**Try it**
Word for word, copy the data that follows and skip its pictures.

**Data for the task**
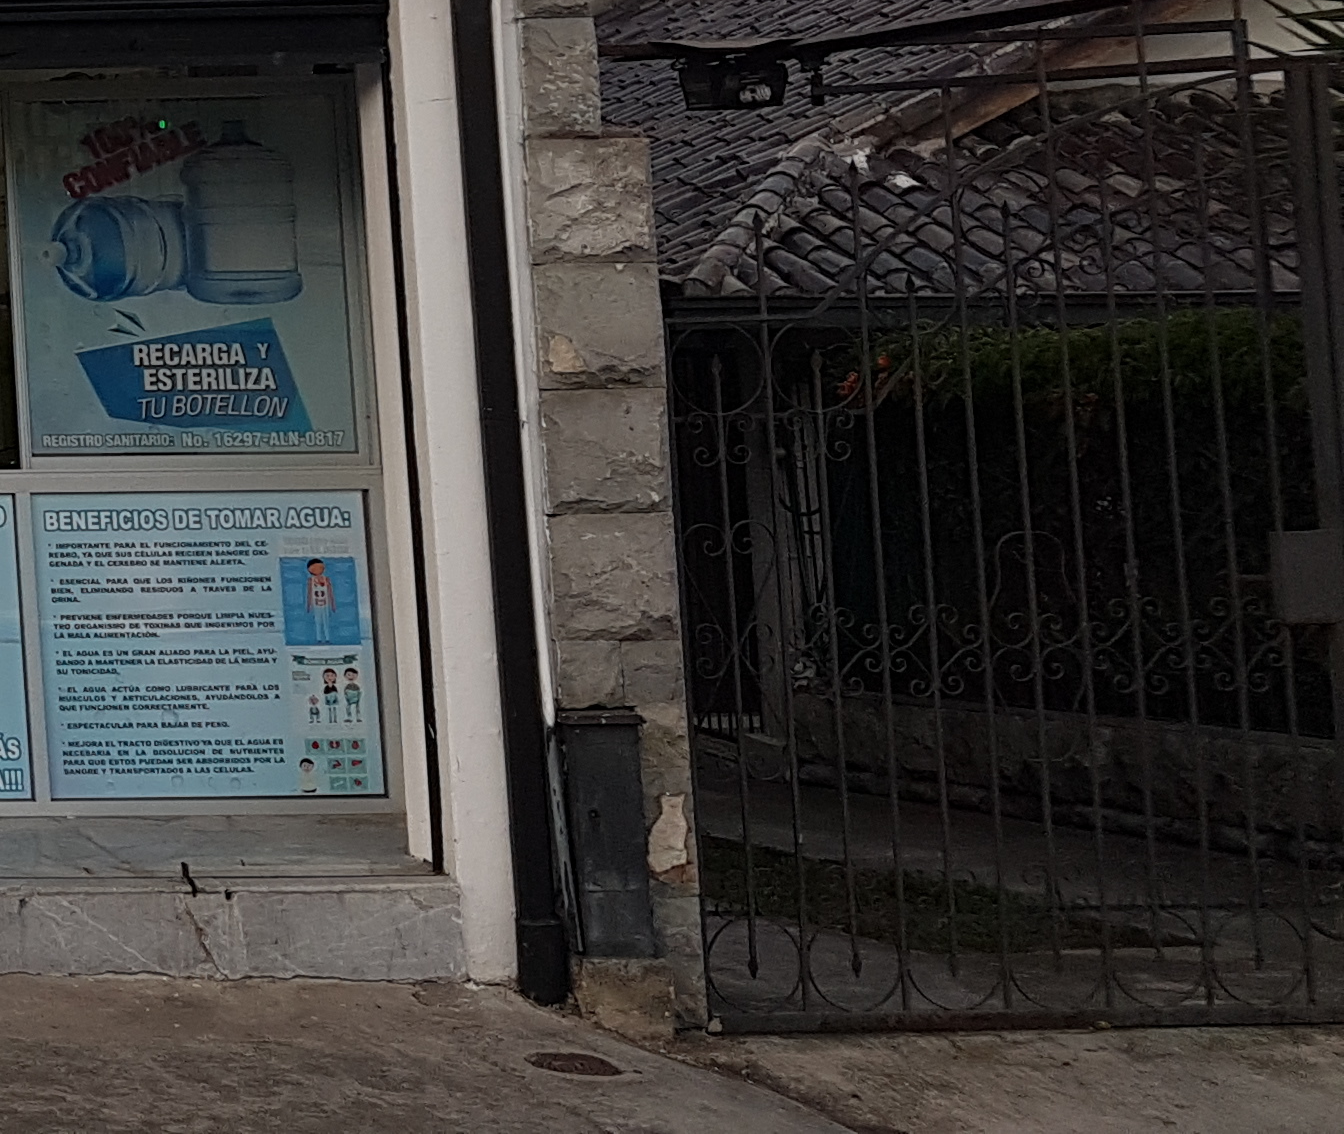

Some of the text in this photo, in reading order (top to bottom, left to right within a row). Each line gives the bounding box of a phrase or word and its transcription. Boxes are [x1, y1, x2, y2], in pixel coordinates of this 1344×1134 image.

[133, 342, 270, 366] RECARGA Y
[143, 367, 276, 392] ESTERILIZA
[137, 394, 289, 419] TU BOTELLON
[42, 430, 344, 448] REGISTRO SANITARIO: No. 16297-ALN-0817
[43, 507, 352, 532] BENEFICIOS DE TOMAR AGUA:
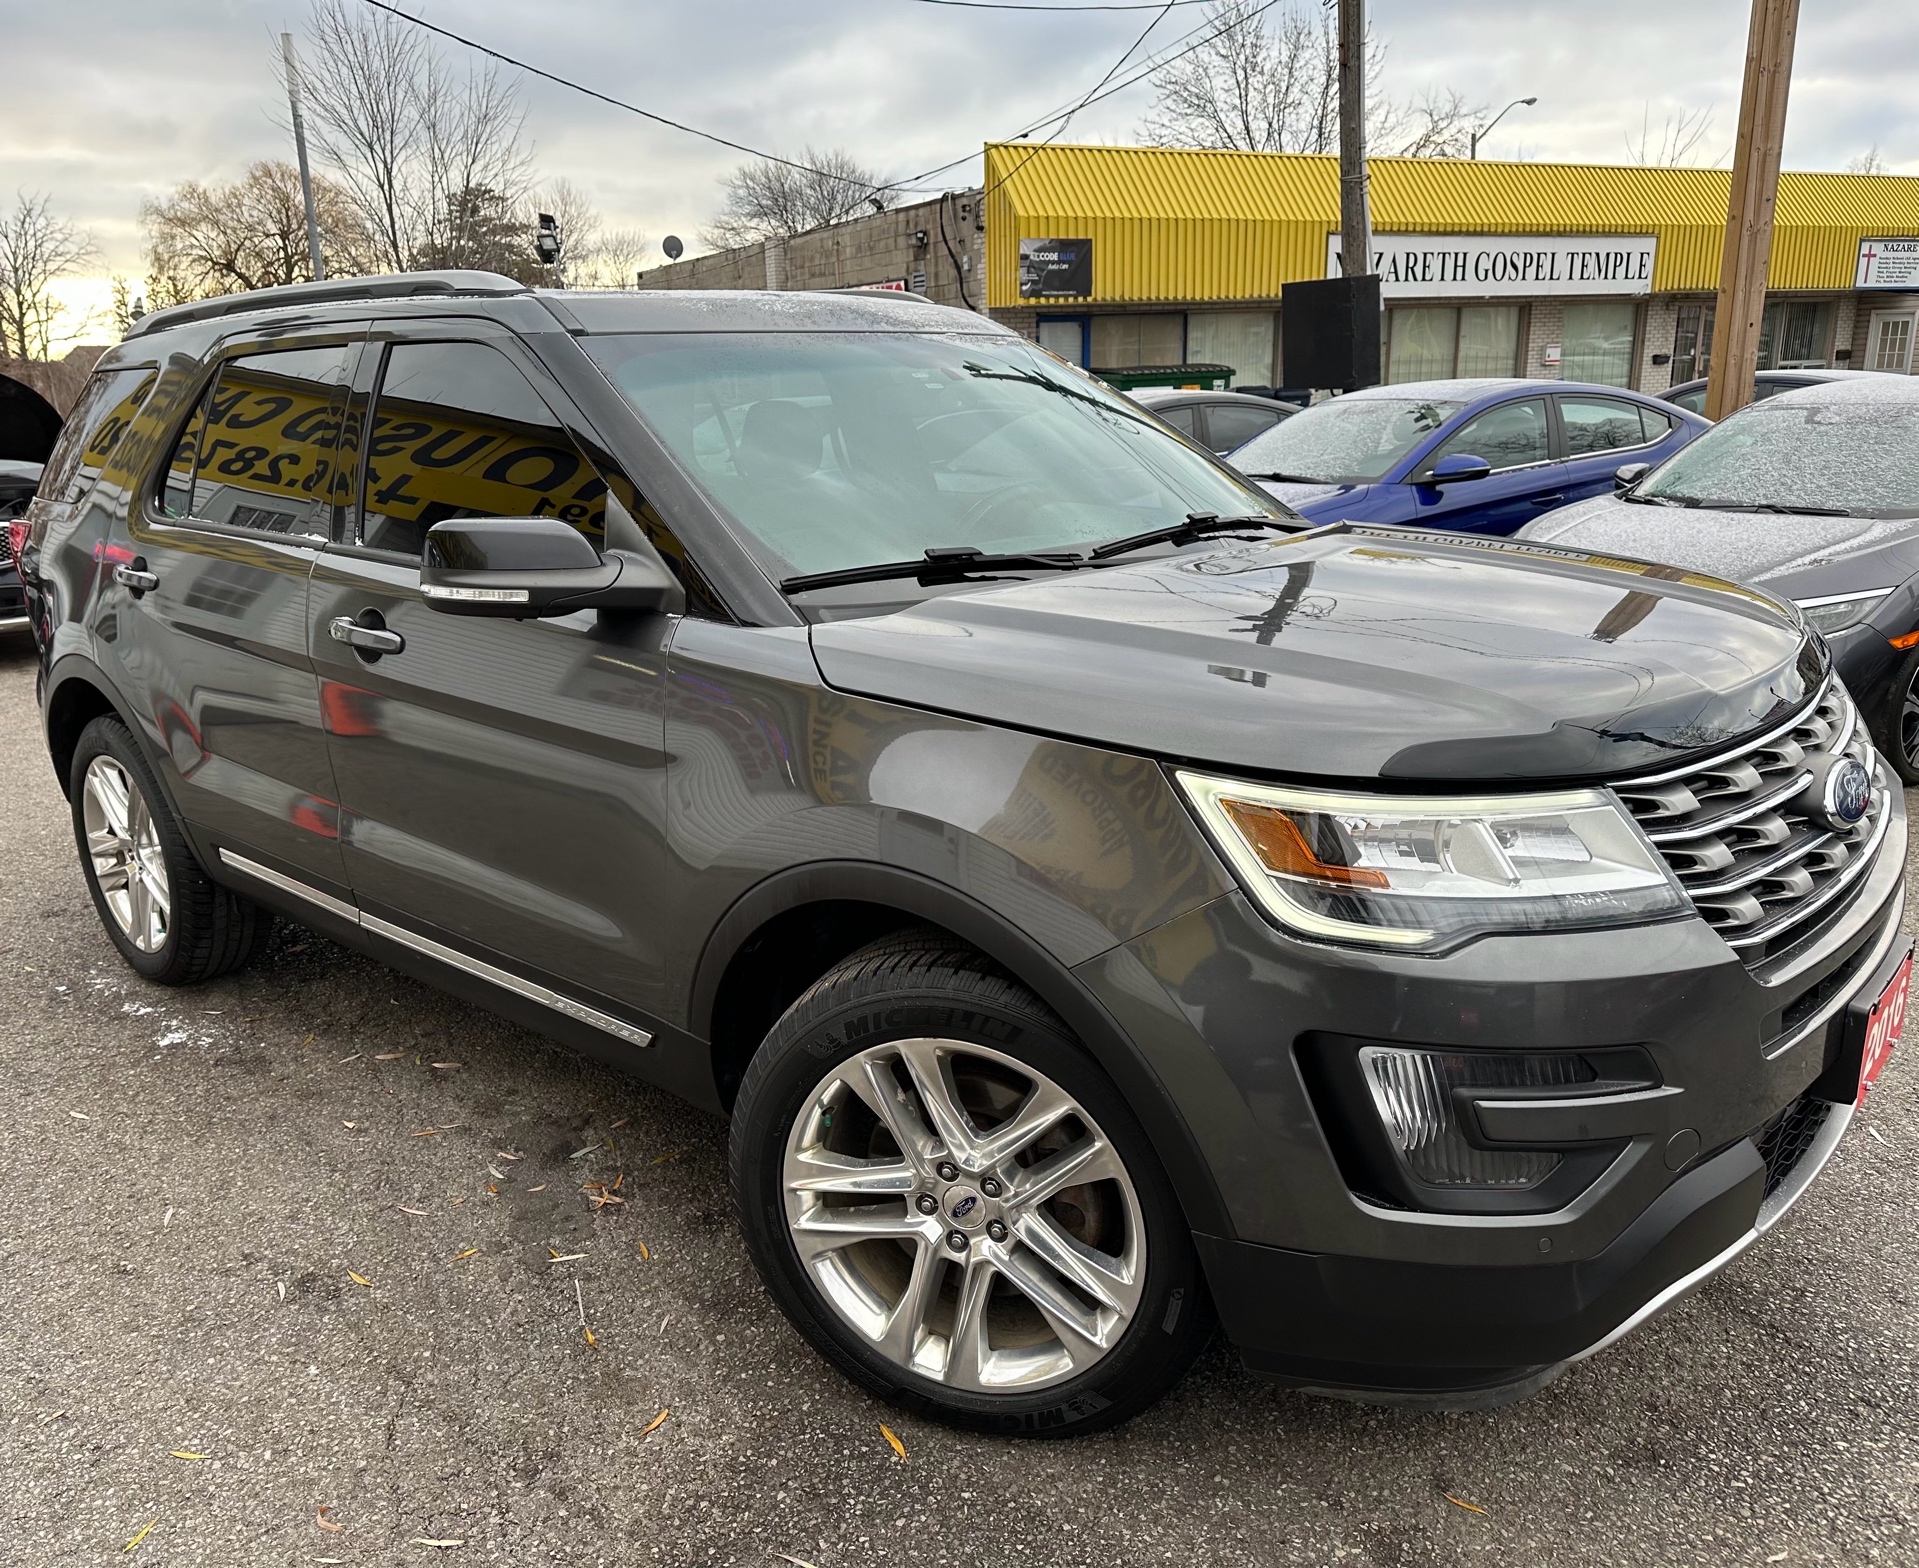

**Response below**
Some of the text in this photo, in reading order (top to bottom, left to right within a row). Each line gives the bounding box of a phrase or word and its transcription. Boxes are [x1, y1, x2, y2], in pixel coordinates of this 1344×1134 image.

[133, 342, 270, 366] RECARGA Y
[143, 367, 276, 392] ESTERILIZA
[137, 394, 289, 419] TU BOTELLON
[42, 430, 344, 448] REGISTRO SANITARIO: No. 16297-ALN-0817
[43, 507, 352, 532] BENEFICIOS DE TOMAR AGUA:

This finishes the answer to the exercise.